### [TASK GOAL]
Restate the data word for word and leave the images out.

*** RECORDS FOR THE EXERCISE

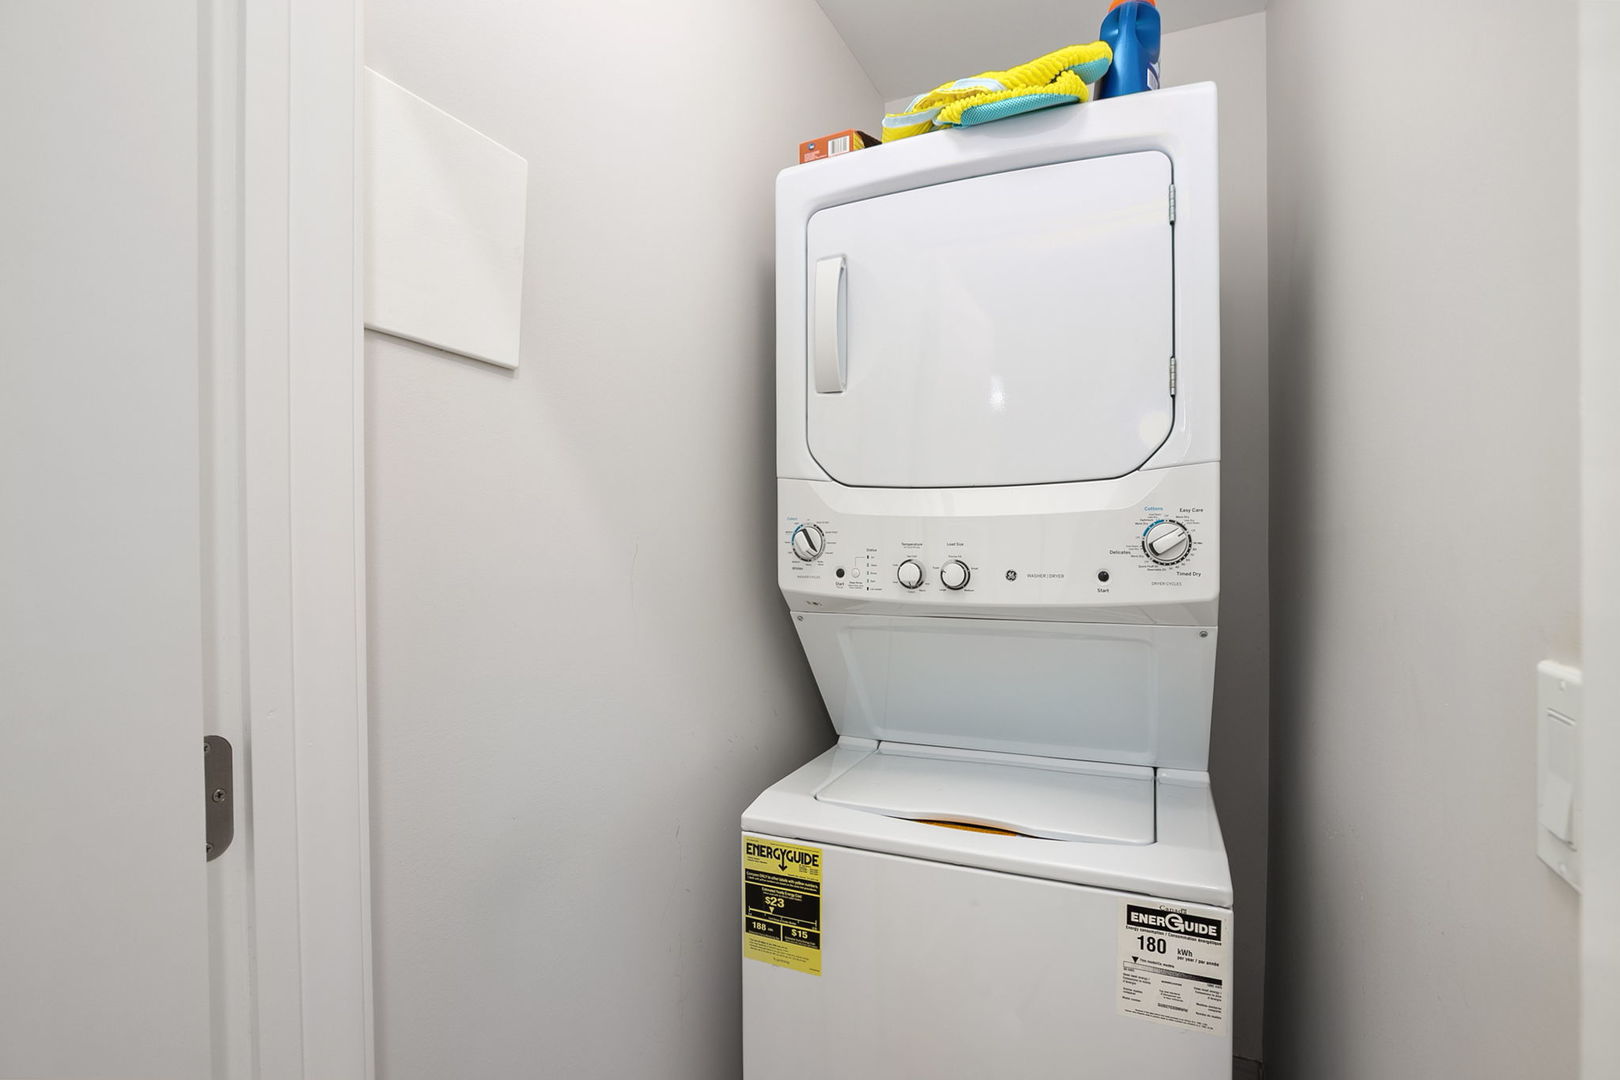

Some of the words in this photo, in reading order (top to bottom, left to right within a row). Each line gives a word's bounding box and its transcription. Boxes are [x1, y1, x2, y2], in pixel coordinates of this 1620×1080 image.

[746, 842, 819, 867] ENERGYGUIDE
[765, 896, 785, 908] $23
[752, 921, 767, 931] 188
[1130, 911, 1217, 936] ENERGUIDE
[791, 929, 808, 939] $15
[1137, 935, 1167, 954] 180
[1177, 948, 1193, 957] kWh
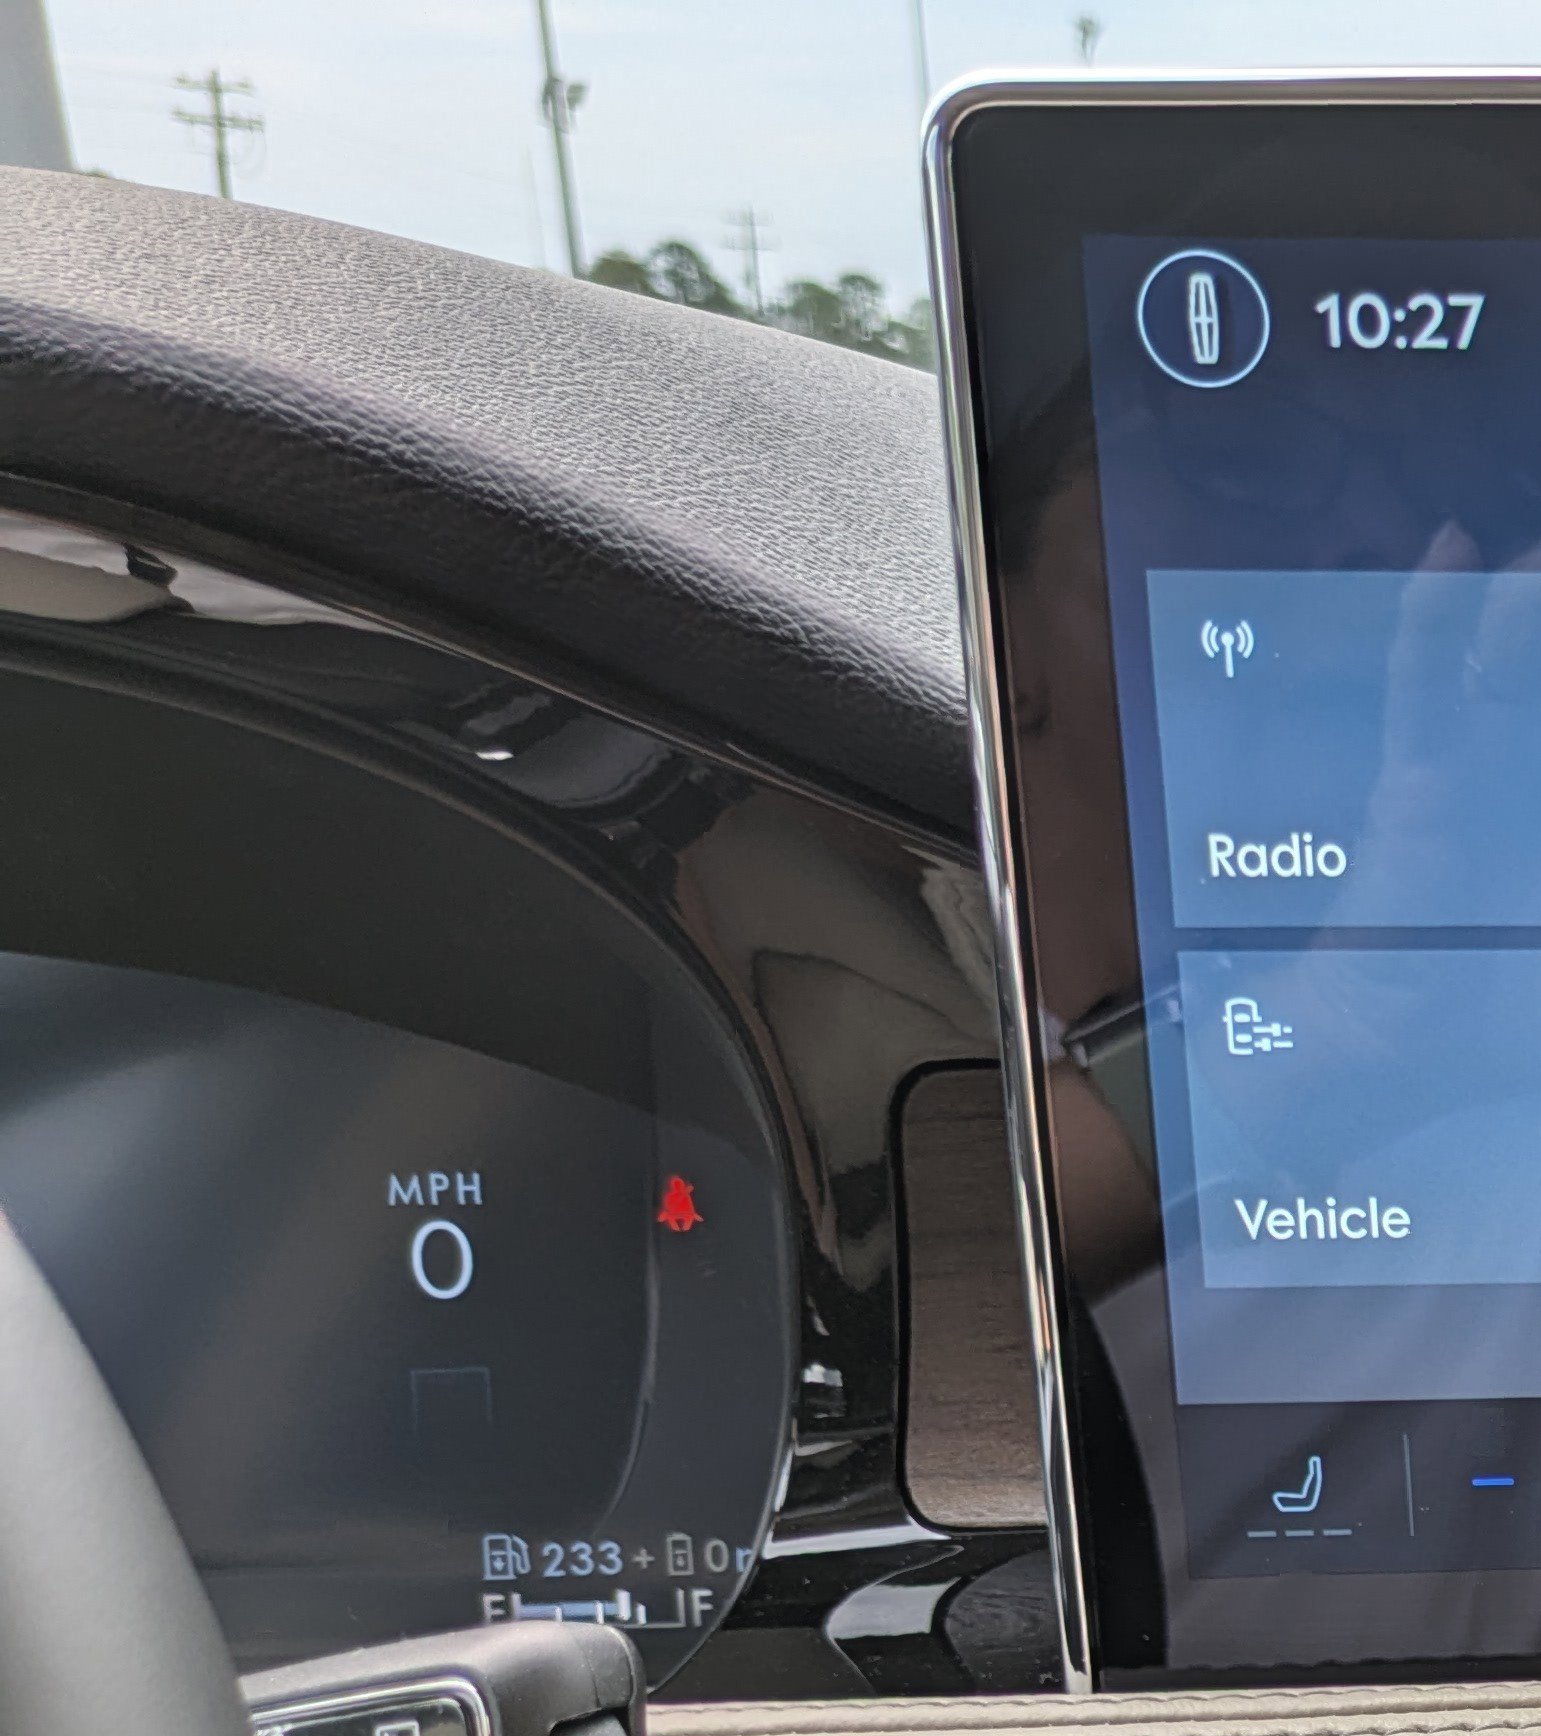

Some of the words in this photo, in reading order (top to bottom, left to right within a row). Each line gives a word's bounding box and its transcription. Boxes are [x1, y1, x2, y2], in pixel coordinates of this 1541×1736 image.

[1314, 291, 1486, 351] 10:27
[1207, 830, 1348, 879] Radio
[387, 1171, 484, 1207] MPH
[1233, 1195, 1412, 1241] Vehicle
[410, 1219, 474, 1301] 0
[541, 1540, 624, 1578] 233
[690, 1587, 714, 1626] F

******

### [COMPLETED TASK]
Some of the words in this photo, in reading order (top to bottom, left to right within a row). Each line gives a word's bounding box and its transcription. Boxes are [x1, y1, x2, y2], in pixel coordinates of this 1620×1080 image.

[746, 842, 819, 867] ENERGYGUIDE
[765, 896, 785, 908] $23
[752, 921, 767, 931] 188
[1130, 911, 1217, 936] ENERGUIDE
[791, 929, 808, 939] $15
[1137, 935, 1167, 954] 180
[1177, 948, 1193, 957] kWh

Some of the words in this photo, in reading order (top to bottom, left to right within a row). Each line gives a word's bounding box and its transcription. Boxes are [x1, y1, x2, y2], in pixel coordinates of this 1541×1736 image.

[1314, 291, 1486, 351] 10:27
[1207, 830, 1348, 879] Radio
[387, 1171, 484, 1207] MPH
[1233, 1195, 1412, 1241] Vehicle
[410, 1219, 474, 1301] 0
[541, 1540, 624, 1578] 233
[690, 1587, 714, 1626] F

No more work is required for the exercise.